• **Problem requirements**:
Print all the entries verbatim.

• **Records drawn from a dataset**:
-=-=-=-=-
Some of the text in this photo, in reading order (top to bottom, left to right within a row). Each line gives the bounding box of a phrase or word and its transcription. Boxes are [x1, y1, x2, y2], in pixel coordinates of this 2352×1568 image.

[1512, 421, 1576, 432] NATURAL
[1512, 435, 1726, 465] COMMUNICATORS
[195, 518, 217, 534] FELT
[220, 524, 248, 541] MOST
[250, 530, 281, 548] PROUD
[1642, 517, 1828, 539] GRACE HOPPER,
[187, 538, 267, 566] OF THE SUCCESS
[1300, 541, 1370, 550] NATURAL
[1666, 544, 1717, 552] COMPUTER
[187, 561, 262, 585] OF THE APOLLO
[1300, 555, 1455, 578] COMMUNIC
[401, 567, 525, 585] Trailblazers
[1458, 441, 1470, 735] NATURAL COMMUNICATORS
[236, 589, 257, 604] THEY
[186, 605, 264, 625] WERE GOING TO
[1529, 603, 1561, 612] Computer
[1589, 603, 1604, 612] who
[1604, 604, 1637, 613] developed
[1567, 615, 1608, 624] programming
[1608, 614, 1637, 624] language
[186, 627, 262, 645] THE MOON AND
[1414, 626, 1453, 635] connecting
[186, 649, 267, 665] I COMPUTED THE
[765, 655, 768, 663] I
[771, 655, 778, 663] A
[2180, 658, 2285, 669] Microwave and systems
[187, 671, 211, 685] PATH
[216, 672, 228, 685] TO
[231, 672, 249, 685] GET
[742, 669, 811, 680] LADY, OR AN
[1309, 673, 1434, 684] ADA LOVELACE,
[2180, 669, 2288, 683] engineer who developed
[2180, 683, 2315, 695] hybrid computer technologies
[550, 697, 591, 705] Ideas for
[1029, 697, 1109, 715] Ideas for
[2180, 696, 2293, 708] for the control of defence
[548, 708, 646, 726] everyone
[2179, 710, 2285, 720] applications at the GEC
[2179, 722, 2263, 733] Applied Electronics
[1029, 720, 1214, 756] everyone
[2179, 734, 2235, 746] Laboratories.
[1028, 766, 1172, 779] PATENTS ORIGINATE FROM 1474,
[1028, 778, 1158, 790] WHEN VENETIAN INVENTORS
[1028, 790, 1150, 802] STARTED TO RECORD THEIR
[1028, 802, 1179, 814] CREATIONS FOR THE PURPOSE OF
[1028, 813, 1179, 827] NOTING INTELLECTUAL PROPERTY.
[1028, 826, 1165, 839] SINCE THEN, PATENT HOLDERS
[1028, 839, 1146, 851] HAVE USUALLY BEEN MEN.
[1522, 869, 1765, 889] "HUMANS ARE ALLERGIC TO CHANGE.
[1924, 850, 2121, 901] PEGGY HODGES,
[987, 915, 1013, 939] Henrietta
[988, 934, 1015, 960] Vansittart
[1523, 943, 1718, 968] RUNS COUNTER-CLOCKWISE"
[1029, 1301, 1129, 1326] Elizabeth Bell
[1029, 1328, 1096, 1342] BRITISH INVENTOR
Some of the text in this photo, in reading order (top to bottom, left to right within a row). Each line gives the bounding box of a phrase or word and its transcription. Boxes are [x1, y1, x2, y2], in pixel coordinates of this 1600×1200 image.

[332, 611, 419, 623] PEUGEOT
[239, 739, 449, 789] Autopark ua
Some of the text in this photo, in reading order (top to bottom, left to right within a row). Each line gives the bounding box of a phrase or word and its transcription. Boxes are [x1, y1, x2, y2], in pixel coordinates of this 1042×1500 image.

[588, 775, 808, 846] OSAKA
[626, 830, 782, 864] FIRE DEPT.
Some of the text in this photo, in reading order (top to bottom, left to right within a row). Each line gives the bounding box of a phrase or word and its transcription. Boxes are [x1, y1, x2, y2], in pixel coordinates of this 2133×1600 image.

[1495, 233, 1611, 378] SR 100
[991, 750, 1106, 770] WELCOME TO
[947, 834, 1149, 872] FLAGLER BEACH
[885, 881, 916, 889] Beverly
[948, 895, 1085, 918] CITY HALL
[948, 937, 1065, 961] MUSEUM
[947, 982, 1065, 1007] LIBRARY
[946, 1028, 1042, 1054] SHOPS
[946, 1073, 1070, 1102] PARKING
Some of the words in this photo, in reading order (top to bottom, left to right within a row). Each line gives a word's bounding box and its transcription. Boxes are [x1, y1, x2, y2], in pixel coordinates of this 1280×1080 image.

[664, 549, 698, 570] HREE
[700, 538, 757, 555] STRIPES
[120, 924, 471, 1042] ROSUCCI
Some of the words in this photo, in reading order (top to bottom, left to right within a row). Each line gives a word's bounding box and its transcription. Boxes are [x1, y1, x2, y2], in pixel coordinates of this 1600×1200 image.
-=-=-=-=-
• **Result**:
Some of the text in this photo, in reading order (top to bottom, left to right within a row). Each line gives the bounding box of a phrase or word and its transcription. Boxes are [x1, y1, x2, y2], in pixel coordinates of this 2352×1568 image.

[1512, 421, 1576, 432] NATURAL
[1512, 435, 1726, 465] COMMUNICATORS
[195, 518, 217, 534] FELT
[220, 524, 248, 541] MOST
[250, 530, 281, 548] PROUD
[1642, 517, 1828, 539] GRACE HOPPER,
[187, 538, 267, 566] OF THE SUCCESS
[1300, 541, 1370, 550] NATURAL
[1666, 544, 1717, 552] COMPUTER
[187, 561, 262, 585] OF THE APOLLO
[1300, 555, 1455, 578] COMMUNIC
[401, 567, 525, 585] Trailblazers
[1458, 441, 1470, 735] NATURAL COMMUNICATORS
[236, 589, 257, 604] THEY
[186, 605, 264, 625] WERE GOING TO
[1529, 603, 1561, 612] Computer
[1589, 603, 1604, 612] who
[1604, 604, 1637, 613] developed
[1567, 615, 1608, 624] programming
[1608, 614, 1637, 624] language
[186, 627, 262, 645] THE MOON AND
[1414, 626, 1453, 635] connecting
[186, 649, 267, 665] I COMPUTED THE
[765, 655, 768, 663] I
[771, 655, 778, 663] A
[2180, 658, 2285, 669] Microwave and systems
[187, 671, 211, 685] PATH
[216, 672, 228, 685] TO
[231, 672, 249, 685] GET
[742, 669, 811, 680] LADY, OR AN
[1309, 673, 1434, 684] ADA LOVELACE,
[2180, 669, 2288, 683] engineer who developed
[2180, 683, 2315, 695] hybrid computer technologies
[550, 697, 591, 705] Ideas for
[1029, 697, 1109, 715] Ideas for
[2180, 696, 2293, 708] for the control of defence
[548, 708, 646, 726] everyone
[2179, 710, 2285, 720] applications at the GEC
[2179, 722, 2263, 733] Applied Electronics
[1029, 720, 1214, 756] everyone
[2179, 734, 2235, 746] Laboratories.
[1028, 766, 1172, 779] PATENTS ORIGINATE FROM 1474,
[1028, 778, 1158, 790] WHEN VENETIAN INVENTORS
[1028, 790, 1150, 802] STARTED TO RECORD THEIR
[1028, 802, 1179, 814] CREATIONS FOR THE PURPOSE OF
[1028, 813, 1179, 827] NOTING INTELLECTUAL PROPERTY.
[1028, 826, 1165, 839] SINCE THEN, PATENT HOLDERS
[1028, 839, 1146, 851] HAVE USUALLY BEEN MEN.
[1522, 869, 1765, 889] "HUMANS ARE ALLERGIC TO CHANGE.
[1924, 850, 2121, 901] PEGGY HODGES,
[987, 915, 1013, 939] Henrietta
[988, 934, 1015, 960] Vansittart
[1523, 943, 1718, 968] RUNS COUNTER-CLOCKWISE"
[1029, 1301, 1129, 1326] Elizabeth Bell
[1029, 1328, 1096, 1342] BRITISH INVENTOR
Some of the text in this photo, in reading order (top to bottom, left to right within a row). Each line gives the bounding box of a phrase or word and its transcription. Boxes are [x1, y1, x2, y2], in pixel coordinates of this 1600×1200 image.

[332, 611, 419, 623] PEUGEOT
[239, 739, 449, 789] Autopark ua
Some of the text in this photo, in reading order (top to bottom, left to right within a row). Each line gives the bounding box of a phrase or word and its transcription. Boxes are [x1, y1, x2, y2], in pixel coordinates of this 1042×1500 image.

[588, 775, 808, 846] OSAKA
[626, 830, 782, 864] FIRE DEPT.
Some of the text in this photo, in reading order (top to bottom, left to right within a row). Each line gives the bounding box of a phrase or word and its transcription. Boxes are [x1, y1, x2, y2], in pixel coordinates of this 2133×1600 image.

[1495, 233, 1611, 378] SR 100
[991, 750, 1106, 770] WELCOME TO
[947, 834, 1149, 872] FLAGLER BEACH
[885, 881, 916, 889] Beverly
[948, 895, 1085, 918] CITY HALL
[948, 937, 1065, 961] MUSEUM
[947, 982, 1065, 1007] LIBRARY
[946, 1028, 1042, 1054] SHOPS
[946, 1073, 1070, 1102] PARKING
Some of the words in this photo, in reading order (top to bottom, left to right within a row). Each line gives a word's bounding box and its transcription. Boxes are [x1, y1, x2, y2], in pixel coordinates of this 1280×1080 image.

[664, 549, 698, 570] HREE
[700, 538, 757, 555] STRIPES
[120, 924, 471, 1042] ROSUCCI
Some of the words in this photo, in reading order (top to bottom, left to right within a row). Each line gives a word's bounding box and its transcription. Boxes are [x1, y1, x2, y2], in pixel coordinates of this 1600×1200 image.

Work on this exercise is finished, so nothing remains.